Discusión y conclusiones

    Del análisis de los depósitos de moonmilk y de las cavidades en que se encuentran, se deduce lo siguiente:

- Se constata la presencia de moonmilk en varias cavidades kársticas naturales de la  Península Ibérica, situadas al norte y al sur de la misma.

- El moonmilk se ha detectado en cavidades situadas en diferentes ámbitos geológicos y geográficos, bajo condiciones ambientales diversas, tanto exokársticas como endokársticas. En este último sentido, se ha localizado tanto en regiones frías, a cotas medias y altas, con temperaturas hipogeas menores de 10ºC, como en cuevas cálidas, a baja cota, con temperaturas de 20ºC. En este último caso, correspondiente a la Cueva de Nerja, parece más abundante y generalizado este tipo de depósitos.

- Dicho depósito endokárstico se presenta espacialmente asociado a determinadas características del entorno. En varias de las cavidades estudiadas se asocia netamente a espeleotemas indicativos de microflujos de agua a presión, como excéntricas y fistulosas. Esta relación ha sido puesta de manifiesto por otros autores con anterioridad. Por ejemplo, Barón et al. (1957) citan la presencia de moonmilk huntítico en la Cueva de Clamouse (Francia), una de cuyas características más destacables es la profusión de excéntricas de aragonito. También Hill y Forti (1986) relacionan la existencia de otros espeleotemas típicos de flujos de soluciones a presión (como los denominados cave balloons, bolas huecas compuestas generalmente de hidromagnesita; y los coraloides de tipo popcorn), con la presencia de moonmilk. Esta circunstancia obliga a pensar, en la mayoría de los casos españoles analizados, en una relación genética del moonmilk con soluciones con alta presión parcial de CO2, y una gran influencia de los procesos de desgasificación y evaporación. En el caso de la Torca de Bernallán, las fuertes corrientes de aire existentes deben jugar un papel dominante en la génesis del moonmilk, al tiempo que condicionan claramente el crecimiento de otros espeleotemas existentes junto a estos depósitos, que lo hacen orientados en la dirección del viento subterráneo dominante. En ninguno de los casos observados, parece necesario invocar intervención directa de microorganismos en la génesis del moonmilk.

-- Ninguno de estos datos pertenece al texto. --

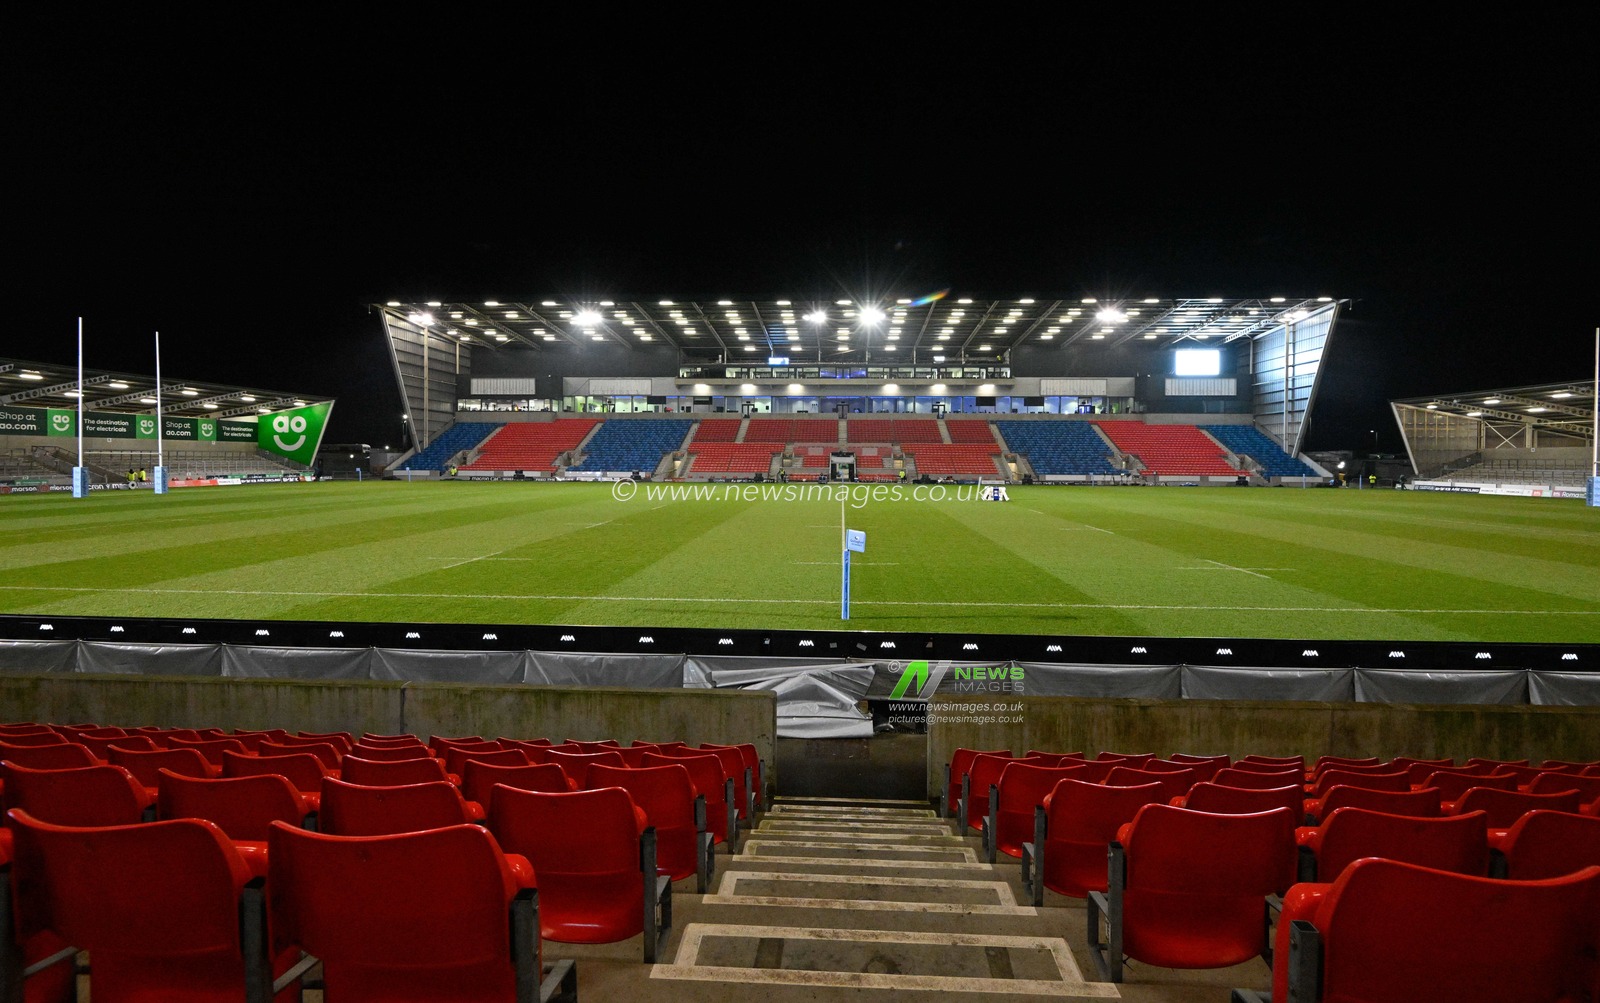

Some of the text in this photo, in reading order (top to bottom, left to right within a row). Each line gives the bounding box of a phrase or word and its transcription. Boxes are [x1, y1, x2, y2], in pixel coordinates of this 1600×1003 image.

- En todos los casos analizados existen evidencias de moonmilk actual o muy reciente, aunque también se han localizado ciertos depósitos que hacen pensar en un momento de su formación anterior al actual (incluso Pleistoceno). No obstante, es muy probable que dadas las características fisico-químicas del material, la preservación del moonmilk durante largos periodos de tiempo sea difícil, lo que pudiera explicar la ausencia de estos depósitos en muchas cavidades. 

- Se constata la consideración del moonmilk como un depósito endokárstico muy particular, mono o polimerálico, de composición variable en función del tipo de roca en que se abre la cavidad y de las circunstancias ambientales y los procesos que controlan el equilibrio de las distintas especies carbonatadas frecuentes en el medio endokárstico. En este sentido, existen netas diferencias entre el moonmilk calcítico presente en cavidades abiertas en calizas (Torca de Bernallán) y el moonmilk rico en carbonatos  magnésicos de las cavidades desarrolladas en dolomías (el resto de las estudiadas). El moonmilk magnésico puede tener minerales hidratados (como la hidromagnesita, caso de la Cueva de Valporquero) o no (huntita y otros carbonatos, como en la Cueva de Nerja), en función posiblemente de las circunstancias ambientales, y más concretamente de la temperatura subterránea.    

- Por último, se apunta la posibilidad de considerar el moonmilk, en función de su composición, como un indicador ambiental y paleoambiental en ambiente kárstico.

Agradecimientos

    El presente trabajo es una contribución al Proyecto PB97-1267-CO3-02 de la Dirección General de Investigación Científica y Técnica. También ha estado parcialmente financiado por el proyecto “Estudio del endokarst de la Cueva de Nerja”,  perteneciente al Programa Científico de la Fundación Cueva de Nerja.  Los autores agradecen a Ovidio Altable, Manuel González Ríos, Ángel Jiménez, Federico Ramírez, Antonio Rivas y al grupo espeleológico SECJA la colaboración y el apoyo recibidos para la recogida de los materiales estudiados.